### What you have to do
Reproduce word for word every line of the entries below, from the line containing "this 1853×1389 image." through the final line, and nothing else.

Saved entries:
####

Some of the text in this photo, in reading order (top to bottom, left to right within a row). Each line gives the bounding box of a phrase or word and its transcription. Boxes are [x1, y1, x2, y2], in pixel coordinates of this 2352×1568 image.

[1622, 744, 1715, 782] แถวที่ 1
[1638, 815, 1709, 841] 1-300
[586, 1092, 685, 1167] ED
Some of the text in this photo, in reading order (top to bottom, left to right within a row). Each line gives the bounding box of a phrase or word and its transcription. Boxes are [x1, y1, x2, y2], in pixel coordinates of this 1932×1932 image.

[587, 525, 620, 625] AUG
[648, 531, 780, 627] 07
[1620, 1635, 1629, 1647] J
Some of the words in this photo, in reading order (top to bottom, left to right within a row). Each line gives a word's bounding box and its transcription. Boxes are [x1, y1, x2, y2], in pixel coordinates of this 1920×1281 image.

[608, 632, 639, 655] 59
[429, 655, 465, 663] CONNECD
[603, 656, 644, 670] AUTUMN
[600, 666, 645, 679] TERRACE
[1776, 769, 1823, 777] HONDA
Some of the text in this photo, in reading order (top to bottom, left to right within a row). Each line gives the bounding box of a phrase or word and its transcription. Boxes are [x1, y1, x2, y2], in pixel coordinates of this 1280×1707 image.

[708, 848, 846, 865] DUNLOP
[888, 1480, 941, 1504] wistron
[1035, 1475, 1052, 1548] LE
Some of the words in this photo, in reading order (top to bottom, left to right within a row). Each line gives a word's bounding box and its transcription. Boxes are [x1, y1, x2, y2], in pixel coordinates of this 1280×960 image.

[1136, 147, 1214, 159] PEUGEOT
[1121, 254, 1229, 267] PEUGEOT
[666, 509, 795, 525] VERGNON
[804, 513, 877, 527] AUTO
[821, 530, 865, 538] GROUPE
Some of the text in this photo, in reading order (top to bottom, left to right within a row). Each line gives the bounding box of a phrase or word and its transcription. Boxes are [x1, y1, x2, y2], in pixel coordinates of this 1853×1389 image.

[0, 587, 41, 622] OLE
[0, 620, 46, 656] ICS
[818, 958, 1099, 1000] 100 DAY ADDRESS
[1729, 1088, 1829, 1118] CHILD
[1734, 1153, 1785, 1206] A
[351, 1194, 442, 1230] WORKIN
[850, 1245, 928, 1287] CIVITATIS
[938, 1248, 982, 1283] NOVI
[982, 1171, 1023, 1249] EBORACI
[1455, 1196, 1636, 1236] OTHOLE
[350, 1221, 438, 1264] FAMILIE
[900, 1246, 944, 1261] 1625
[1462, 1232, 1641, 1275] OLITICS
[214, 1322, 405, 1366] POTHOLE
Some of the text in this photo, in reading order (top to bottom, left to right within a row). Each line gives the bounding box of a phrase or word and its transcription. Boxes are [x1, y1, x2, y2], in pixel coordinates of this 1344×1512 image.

####

### Task solution
Some of the text in this photo, in reading order (top to bottom, left to right within a row). Each line gives the bounding box of a phrase or word and its transcription. Boxes are [x1, y1, x2, y2], in pixel coordinates of this 1853×1389 image.

[0, 587, 41, 622] OLE
[0, 620, 46, 656] ICS
[818, 958, 1099, 1000] 100 DAY ADDRESS
[1729, 1088, 1829, 1118] CHILD
[1734, 1153, 1785, 1206] A
[351, 1194, 442, 1230] WORKIN
[850, 1245, 928, 1287] CIVITATIS
[938, 1248, 982, 1283] NOVI
[982, 1171, 1023, 1249] EBORACI
[1455, 1196, 1636, 1236] OTHOLE
[350, 1221, 438, 1264] FAMILIE
[900, 1246, 944, 1261] 1625
[1462, 1232, 1641, 1275] OLITICS
[214, 1322, 405, 1366] POTHOLE
Some of the text in this photo, in reading order (top to bottom, left to right within a row). Each line gives the bounding box of a phrase or word and its transcription. Boxes are [x1, y1, x2, y2], in pixel coordinates of this 1344×1512 image.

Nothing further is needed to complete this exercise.